Work to be completed -
Pictures appear among the records. Write out all else exactly as it stands.

Dataset excerpts -
*** Begin section ***
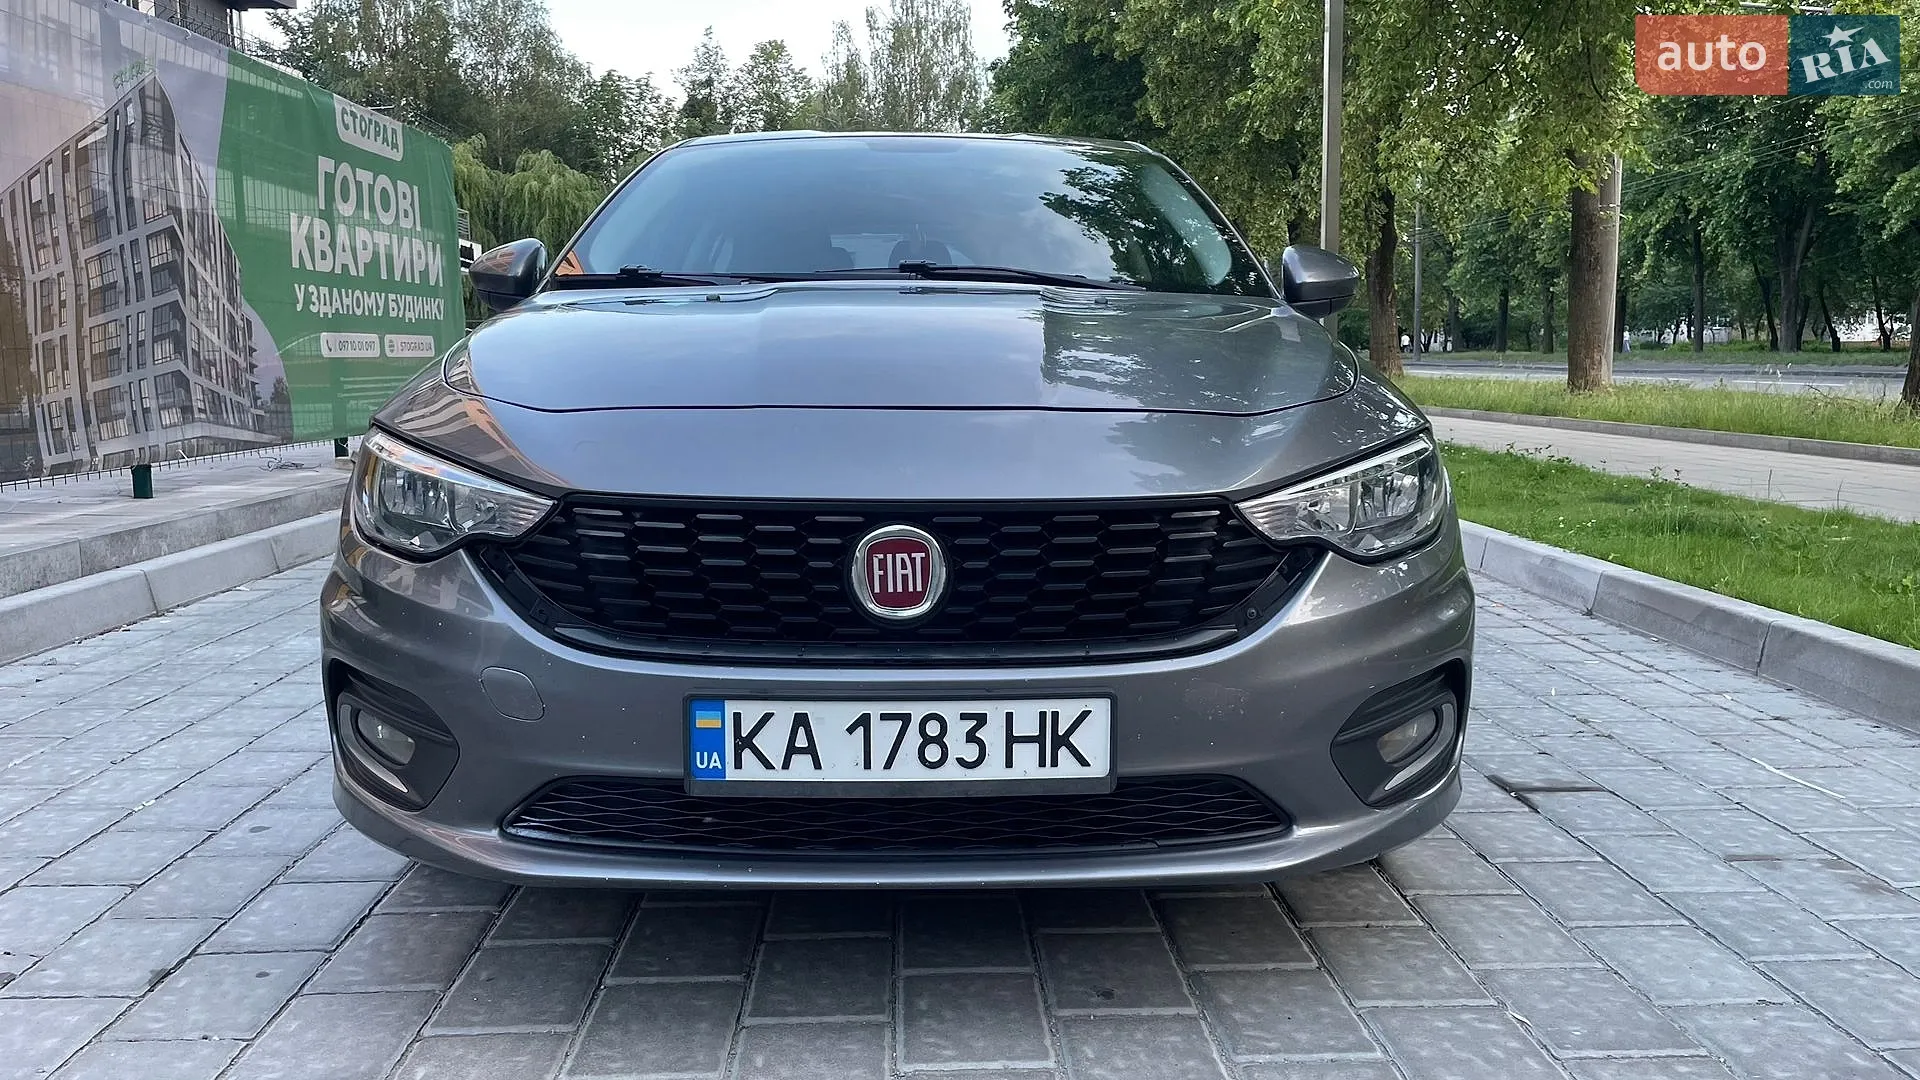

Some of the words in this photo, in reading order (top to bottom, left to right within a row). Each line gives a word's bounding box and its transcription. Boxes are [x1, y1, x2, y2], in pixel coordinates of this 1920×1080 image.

[341, 106, 400, 153] СТОГРАД
[318, 156, 421, 231] ГОТОВІ
[289, 212, 443, 287] КВАРТИРИ
[294, 283, 305, 312] У
[309, 284, 386, 319] ЗДАНОМУ
[388, 292, 445, 323] БУДИНКУ
[872, 552, 926, 594] FIAT
[696, 752, 723, 770] UA
[732, 711, 823, 771] KA
[845, 711, 989, 771] 1783
[1004, 708, 1093, 769] HK
*** End section ***
Answer below -
Some of the words in this photo, in reading order (top to bottom, left to right within a row). Each line gives a word's bounding box and its transcription. Boxes are [x1, y1, x2, y2], in pixel coordinates of this 1920×1080 image.

[341, 106, 400, 153] СТОГРАД
[318, 156, 421, 231] ГОТОВІ
[289, 212, 443, 287] КВАРТИРИ
[294, 283, 305, 312] У
[309, 284, 386, 319] ЗДАНОМУ
[388, 292, 445, 323] БУДИНКУ
[872, 552, 926, 594] FIAT
[696, 752, 723, 770] UA
[732, 711, 823, 771] KA
[845, 711, 989, 771] 1783
[1004, 708, 1093, 769] HK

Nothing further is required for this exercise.